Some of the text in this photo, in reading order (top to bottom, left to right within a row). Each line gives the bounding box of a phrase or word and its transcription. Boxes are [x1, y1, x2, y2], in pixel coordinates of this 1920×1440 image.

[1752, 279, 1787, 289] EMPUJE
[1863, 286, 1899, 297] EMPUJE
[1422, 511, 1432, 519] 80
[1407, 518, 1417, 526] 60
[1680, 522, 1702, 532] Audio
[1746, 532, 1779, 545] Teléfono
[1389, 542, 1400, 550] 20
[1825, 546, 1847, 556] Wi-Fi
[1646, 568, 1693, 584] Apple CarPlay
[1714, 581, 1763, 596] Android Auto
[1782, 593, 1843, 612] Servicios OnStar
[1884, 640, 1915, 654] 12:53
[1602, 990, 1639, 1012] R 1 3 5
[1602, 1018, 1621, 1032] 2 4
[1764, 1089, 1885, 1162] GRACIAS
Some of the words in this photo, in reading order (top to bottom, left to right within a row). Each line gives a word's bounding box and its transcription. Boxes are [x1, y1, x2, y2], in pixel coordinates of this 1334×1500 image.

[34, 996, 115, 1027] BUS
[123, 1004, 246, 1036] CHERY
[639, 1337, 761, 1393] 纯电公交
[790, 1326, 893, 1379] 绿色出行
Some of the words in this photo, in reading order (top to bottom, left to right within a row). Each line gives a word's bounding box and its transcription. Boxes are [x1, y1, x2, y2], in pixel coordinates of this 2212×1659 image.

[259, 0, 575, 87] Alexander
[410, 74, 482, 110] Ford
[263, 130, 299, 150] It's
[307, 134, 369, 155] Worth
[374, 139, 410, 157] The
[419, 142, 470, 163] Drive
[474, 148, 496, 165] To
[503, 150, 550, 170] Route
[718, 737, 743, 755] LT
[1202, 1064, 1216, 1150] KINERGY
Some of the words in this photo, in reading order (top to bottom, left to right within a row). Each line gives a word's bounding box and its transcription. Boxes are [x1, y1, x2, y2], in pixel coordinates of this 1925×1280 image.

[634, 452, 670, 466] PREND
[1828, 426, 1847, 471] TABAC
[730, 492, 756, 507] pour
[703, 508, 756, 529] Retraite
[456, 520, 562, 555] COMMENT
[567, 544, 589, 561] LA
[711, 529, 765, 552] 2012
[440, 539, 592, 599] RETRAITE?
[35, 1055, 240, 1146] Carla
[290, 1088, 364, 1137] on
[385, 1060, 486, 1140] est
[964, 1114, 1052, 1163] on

◆ ◆ ◆ ◆ ◆

**Aim of the exercise**.
Write out the whole listing exactly as it stands.

**Response to the exercise**.
Some of the text in this photo, in reading order (top to bottom, left to right within a row). Each line gives the bounding box of a phrase or word and its transcription. Boxes are [x1, y1, x2, y2], in pixel coordinates of this 1920×1440 image.

[1752, 279, 1787, 289] EMPUJE
[1863, 286, 1899, 297] EMPUJE
[1422, 511, 1432, 519] 80
[1407, 518, 1417, 526] 60
[1680, 522, 1702, 532] Audio
[1746, 532, 1779, 545] Teléfono
[1389, 542, 1400, 550] 20
[1825, 546, 1847, 556] Wi-Fi
[1646, 568, 1693, 584] Apple CarPlay
[1714, 581, 1763, 596] Android Auto
[1782, 593, 1843, 612] Servicios OnStar
[1884, 640, 1915, 654] 12:53
[1602, 990, 1639, 1012] R 1 3 5
[1602, 1018, 1621, 1032] 2 4
[1764, 1089, 1885, 1162] GRACIAS
Some of the words in this photo, in reading order (top to bottom, left to right within a row). Each line gives a word's bounding box and its transcription. Boxes are [x1, y1, x2, y2], in pixel coordinates of this 1334×1500 image.

[34, 996, 115, 1027] BUS
[123, 1004, 246, 1036] CHERY
[639, 1337, 761, 1393] 纯电公交
[790, 1326, 893, 1379] 绿色出行
Some of the words in this photo, in reading order (top to bottom, left to right within a row). Each line gives a word's bounding box and its transcription. Boxes are [x1, y1, x2, y2], in pixel coordinates of this 2212×1659 image.

[259, 0, 575, 87] Alexander
[410, 74, 482, 110] Ford
[263, 130, 299, 150] It's
[307, 134, 369, 155] Worth
[374, 139, 410, 157] The
[419, 142, 470, 163] Drive
[474, 148, 496, 165] To
[503, 150, 550, 170] Route
[718, 737, 743, 755] LT
[1202, 1064, 1216, 1150] KINERGY
Some of the words in this photo, in reading order (top to bottom, left to right within a row). Each line gives a word's bounding box and its transcription. Boxes are [x1, y1, x2, y2], in pixel coordinates of this 1925×1280 image.

[634, 452, 670, 466] PREND
[1828, 426, 1847, 471] TABAC
[730, 492, 756, 507] pour
[703, 508, 756, 529] Retraite
[456, 520, 562, 555] COMMENT
[567, 544, 589, 561] LA
[711, 529, 765, 552] 2012
[440, 539, 592, 599] RETRAITE?
[35, 1055, 240, 1146] Carla
[290, 1088, 364, 1137] on
[385, 1060, 486, 1140] est
[964, 1114, 1052, 1163] on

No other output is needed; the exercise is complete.